Dziś zrobiłam śmieszną rzecz przypadkowo i odruchowo. Nie przypuszczałam, że zjedzenie makaronu nitek z rosołem może być tak proste pałeczkami... :D Jak kończyłam zawartość miski to zorientowałam się, że nimi jem :)
Właśnie ściągnęłam Woochi (2009) yatta yatta i jest z głosem, to jednak były kodeki pewnie ;) Obejrzę mojego kochanego Kang Won Dong'a, w kolejnym filmie. Prawdę mówiąc włączyłam go z ciekawości, czy jest głos i przewinęłam trochę i wydaje się być śmieszny i ciekawy :)
Już mam dość tłumaczeń na razie :( mózg mi się lasuje. A opisywać dram z Maki Horikitą nie mam natchnienia. Tak więc dziś oglądam Woochi, jutro i w niedzielę wizyty u Babć :) Może jak będę na siłach to dziś dołączę recenzję i opis filmu Woochi (Jeon Woo Chi: The Taoist Wizard).

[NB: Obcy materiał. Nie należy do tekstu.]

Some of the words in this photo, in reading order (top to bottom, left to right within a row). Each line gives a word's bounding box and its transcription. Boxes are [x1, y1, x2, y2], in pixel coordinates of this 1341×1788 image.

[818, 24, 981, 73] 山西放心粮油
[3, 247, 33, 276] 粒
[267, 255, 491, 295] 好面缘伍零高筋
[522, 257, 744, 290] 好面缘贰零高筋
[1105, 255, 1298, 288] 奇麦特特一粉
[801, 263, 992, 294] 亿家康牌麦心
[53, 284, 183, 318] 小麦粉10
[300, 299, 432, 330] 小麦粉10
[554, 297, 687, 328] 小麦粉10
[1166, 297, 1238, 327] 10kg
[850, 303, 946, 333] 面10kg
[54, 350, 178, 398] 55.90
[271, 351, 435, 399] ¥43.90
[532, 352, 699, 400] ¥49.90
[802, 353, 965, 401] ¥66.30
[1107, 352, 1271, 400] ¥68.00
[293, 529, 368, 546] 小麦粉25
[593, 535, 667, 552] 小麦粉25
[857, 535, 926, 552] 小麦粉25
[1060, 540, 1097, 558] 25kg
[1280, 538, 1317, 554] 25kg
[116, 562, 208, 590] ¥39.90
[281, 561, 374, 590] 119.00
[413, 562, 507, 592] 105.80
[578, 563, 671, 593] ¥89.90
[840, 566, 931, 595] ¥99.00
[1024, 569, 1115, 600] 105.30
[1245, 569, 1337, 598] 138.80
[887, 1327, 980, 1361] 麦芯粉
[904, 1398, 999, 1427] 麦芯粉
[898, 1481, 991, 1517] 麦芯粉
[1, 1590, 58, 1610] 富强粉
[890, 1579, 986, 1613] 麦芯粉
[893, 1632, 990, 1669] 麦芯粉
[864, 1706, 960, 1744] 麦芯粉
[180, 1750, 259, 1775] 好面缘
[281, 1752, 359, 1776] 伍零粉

A tak na razie jestem na etapie zachwycania się znów Vic'iem... Wystarczyło zobaczenie kilku teledysków, i choroba nawraca z większą siłą, gdy tylko o nim wyślę, albo słucham muzyki, lub oglądam jego zdjęcia choroba jest mniej nasilona. Gdy tylko go widzę w filmie czy teledysku znów się zachwycam jaki jest przystojny, jakbym go nigdy nie widziała w żadnym filmie, czy na zdjęciu.
Brak komentarzy:
Prześlij komentarz
Jeśli piszesz komentarz jako anonim, proszę podaj swój nick :D- łatwiej odpisuje się na komentarze ;) z góry dziękuję! (*^.^*)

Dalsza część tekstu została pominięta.